Start of Dataset records

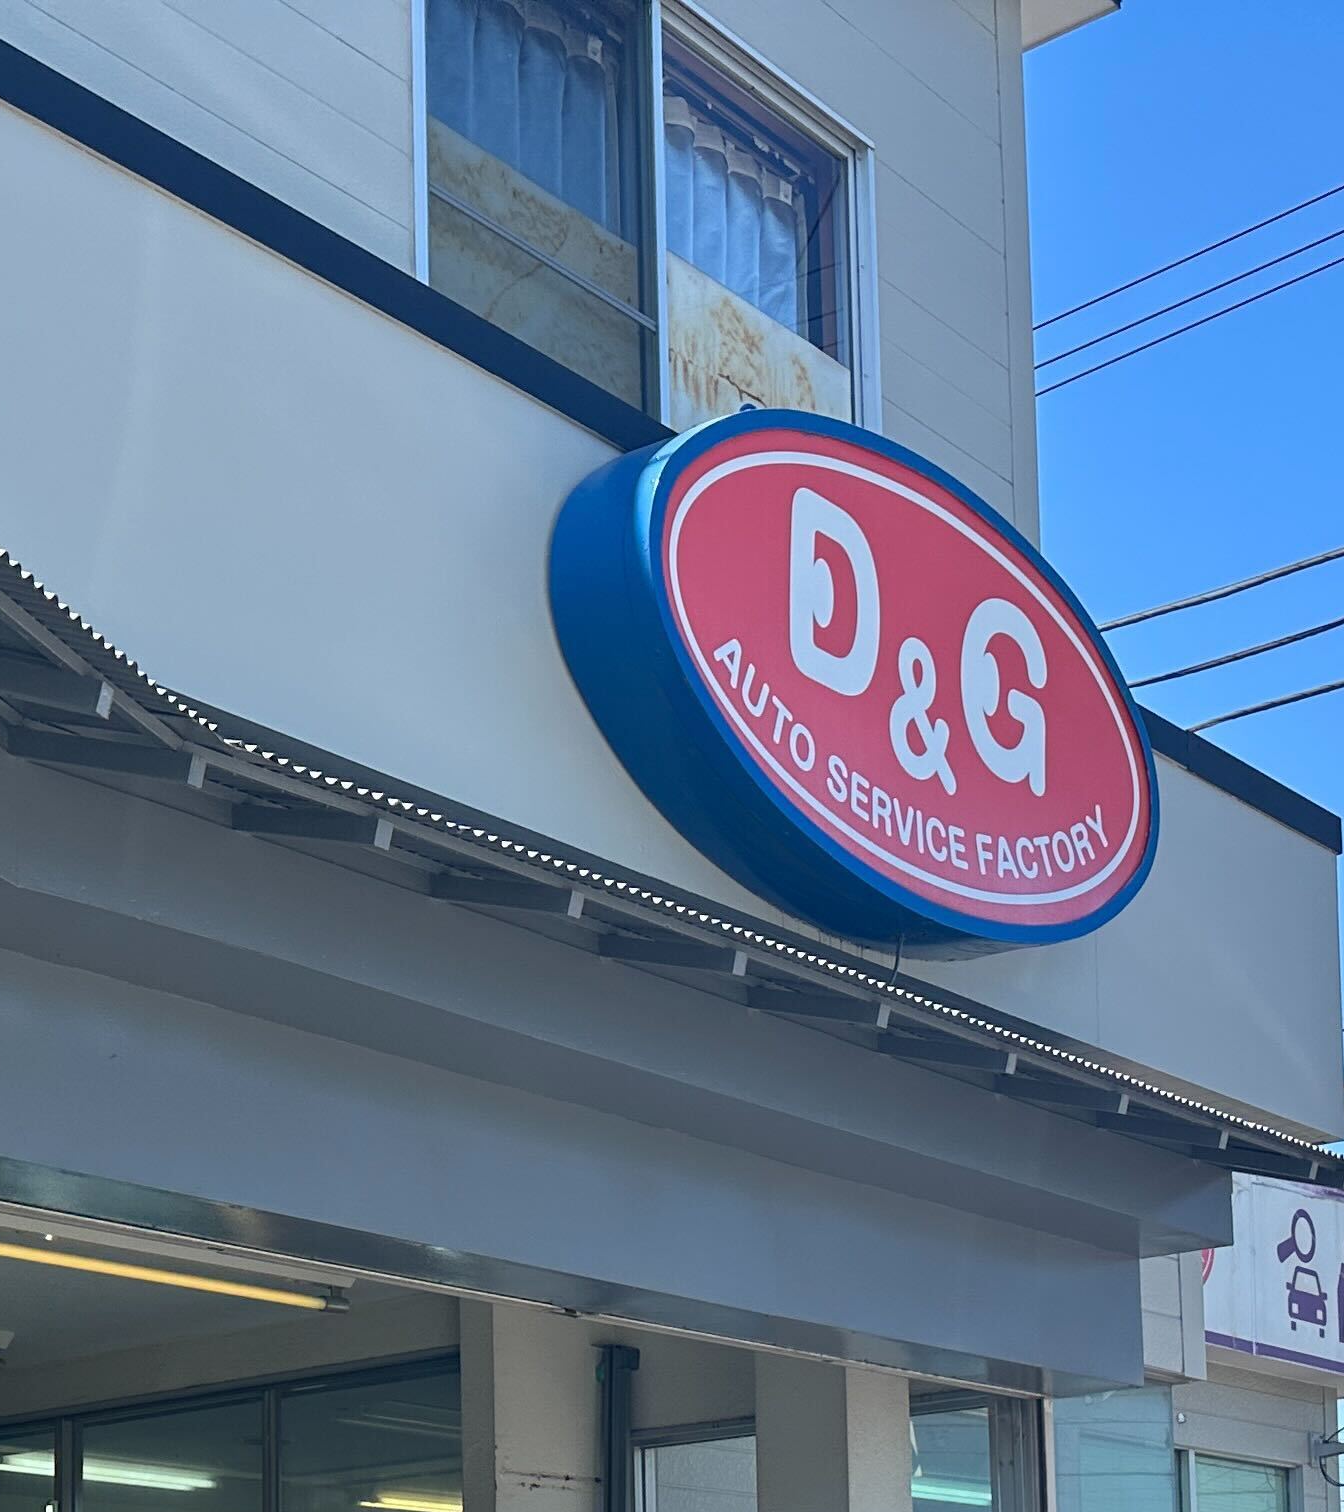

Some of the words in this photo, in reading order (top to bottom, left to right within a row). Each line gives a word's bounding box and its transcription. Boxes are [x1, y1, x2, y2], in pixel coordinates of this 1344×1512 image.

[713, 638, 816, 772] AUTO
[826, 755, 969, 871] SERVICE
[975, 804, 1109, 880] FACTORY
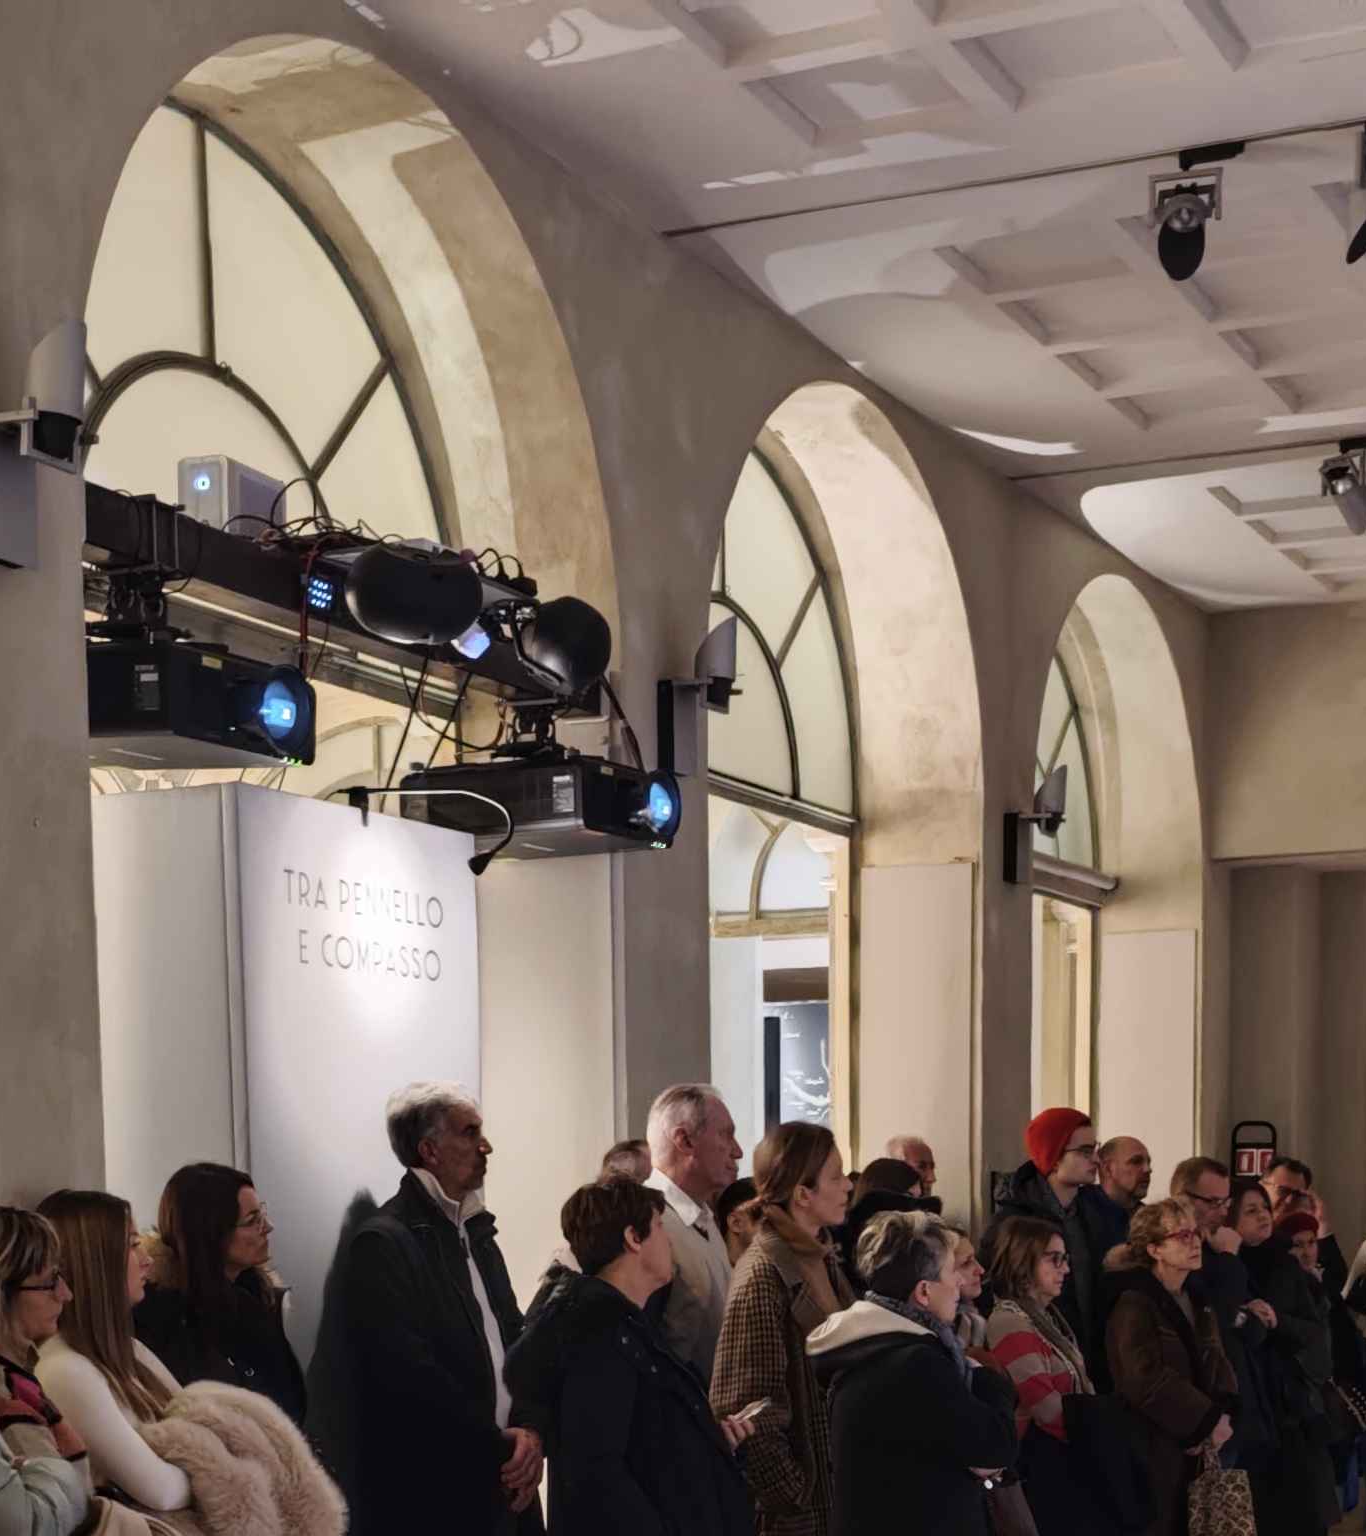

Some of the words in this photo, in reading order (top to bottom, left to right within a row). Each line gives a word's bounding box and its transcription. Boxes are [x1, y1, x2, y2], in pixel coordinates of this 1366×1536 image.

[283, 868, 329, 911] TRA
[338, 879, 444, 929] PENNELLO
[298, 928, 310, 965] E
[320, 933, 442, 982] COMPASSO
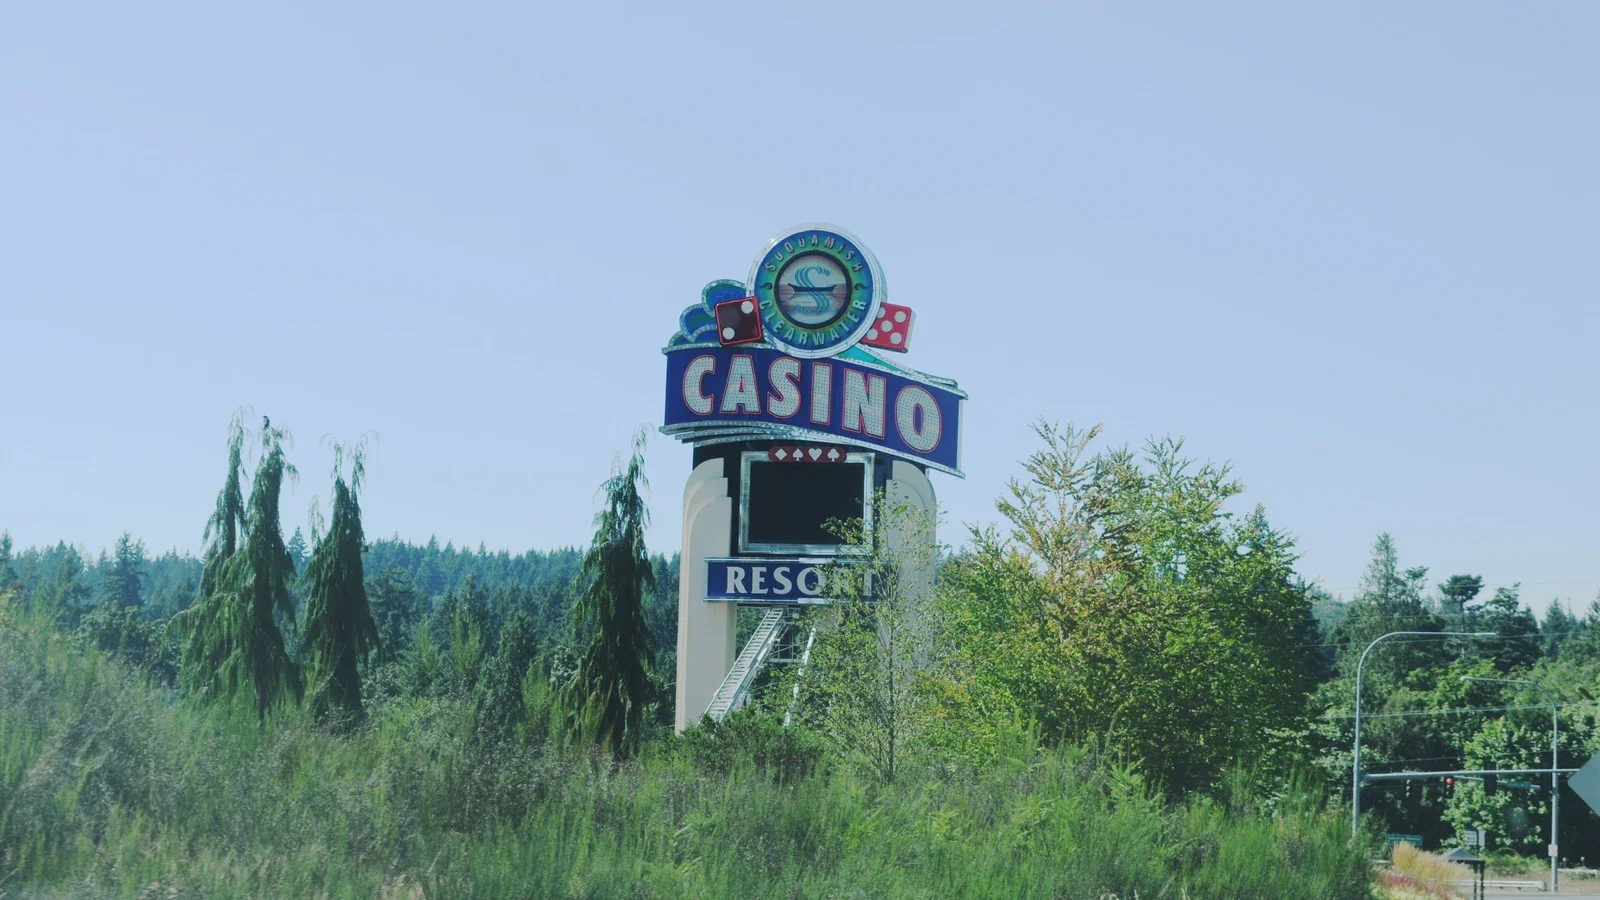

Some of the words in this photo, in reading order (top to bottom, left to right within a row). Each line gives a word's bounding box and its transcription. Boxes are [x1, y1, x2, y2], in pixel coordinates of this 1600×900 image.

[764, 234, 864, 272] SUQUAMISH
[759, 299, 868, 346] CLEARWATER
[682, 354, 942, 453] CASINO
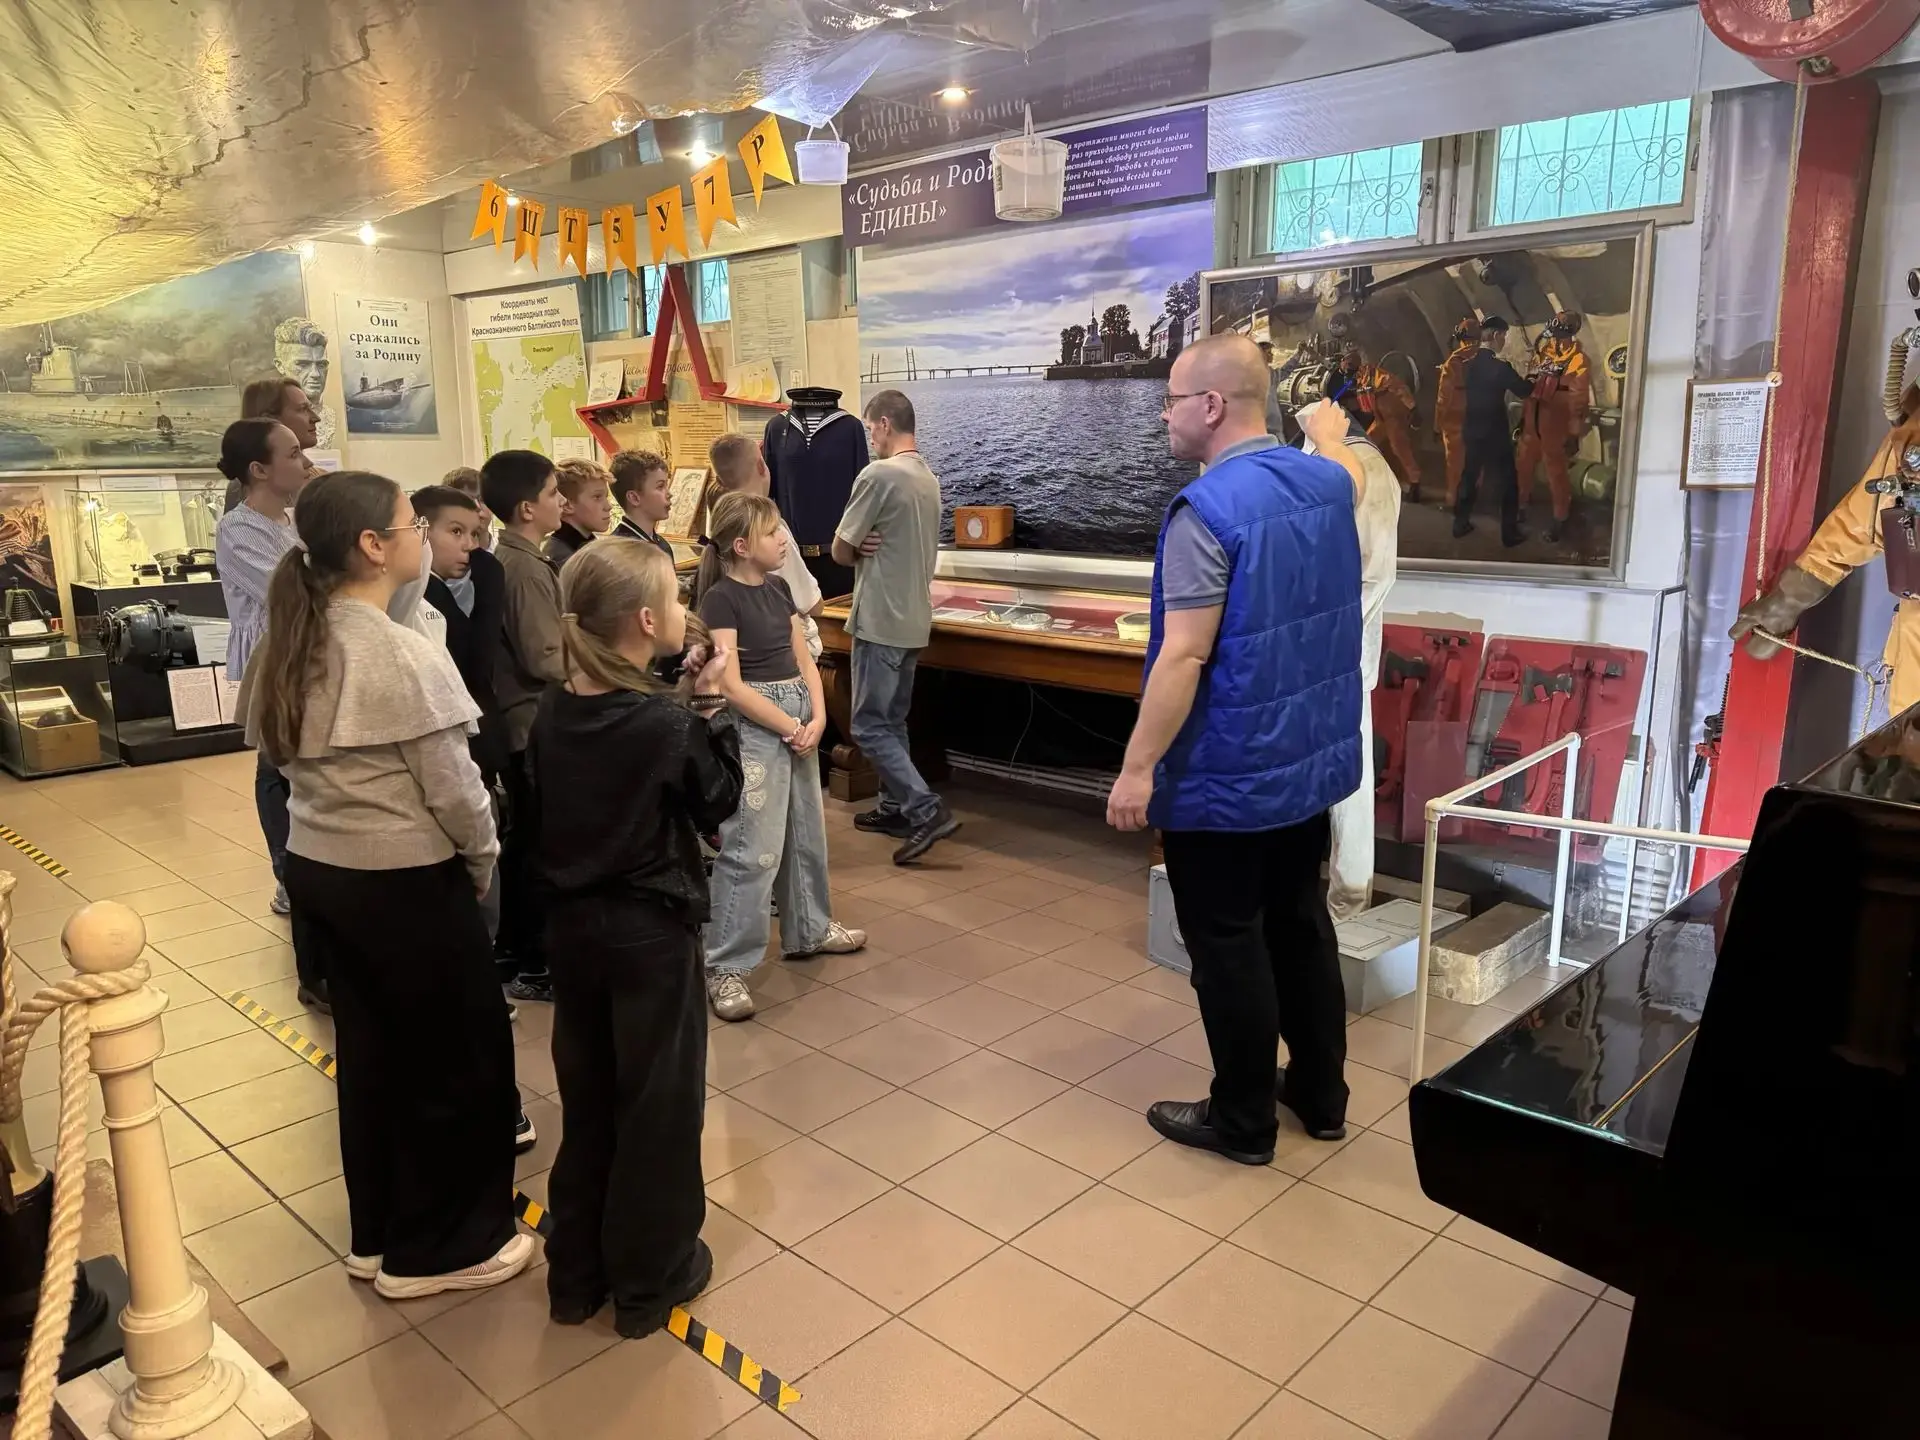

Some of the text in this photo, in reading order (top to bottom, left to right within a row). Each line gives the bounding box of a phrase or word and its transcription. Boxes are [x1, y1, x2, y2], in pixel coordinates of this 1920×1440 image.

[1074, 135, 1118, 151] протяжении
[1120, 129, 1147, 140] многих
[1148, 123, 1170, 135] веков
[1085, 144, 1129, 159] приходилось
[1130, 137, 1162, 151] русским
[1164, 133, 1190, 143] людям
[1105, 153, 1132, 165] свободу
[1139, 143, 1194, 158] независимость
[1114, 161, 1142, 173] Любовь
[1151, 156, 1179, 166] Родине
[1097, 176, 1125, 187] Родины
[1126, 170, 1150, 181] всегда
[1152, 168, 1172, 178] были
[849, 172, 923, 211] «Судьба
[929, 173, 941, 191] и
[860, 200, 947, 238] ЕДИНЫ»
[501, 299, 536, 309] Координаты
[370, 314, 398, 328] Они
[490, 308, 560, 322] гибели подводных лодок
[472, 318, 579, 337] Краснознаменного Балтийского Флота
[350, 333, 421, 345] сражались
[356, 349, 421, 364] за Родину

End of Dataset records

→ Prompt
Start at the line containing "Some of the text" and copy each line through the last one in the records, exactly and with nothing added.

→ Solution for this exercise
Some of the text in this photo, in reading order (top to bottom, left to right within a row). Each line gives the bounding box of a phrase or word and its transcription. Boxes are [x1, y1, x2, y2], in pixel coordinates of this 1920×1440 image.

[1074, 135, 1118, 151] протяжении
[1120, 129, 1147, 140] многих
[1148, 123, 1170, 135] веков
[1085, 144, 1129, 159] приходилось
[1130, 137, 1162, 151] русским
[1164, 133, 1190, 143] людям
[1105, 153, 1132, 165] свободу
[1139, 143, 1194, 158] независимость
[1114, 161, 1142, 173] Любовь
[1151, 156, 1179, 166] Родине
[1097, 176, 1125, 187] Родины
[1126, 170, 1150, 181] всегда
[1152, 168, 1172, 178] были
[849, 172, 923, 211] «Судьба
[929, 173, 941, 191] и
[860, 200, 947, 238] ЕДИНЫ»
[501, 299, 536, 309] Координаты
[370, 314, 398, 328] Они
[490, 308, 560, 322] гибели подводных лодок
[472, 318, 579, 337] Краснознаменного Балтийского Флота
[350, 333, 421, 345] сражались
[356, 349, 421, 364] за Родину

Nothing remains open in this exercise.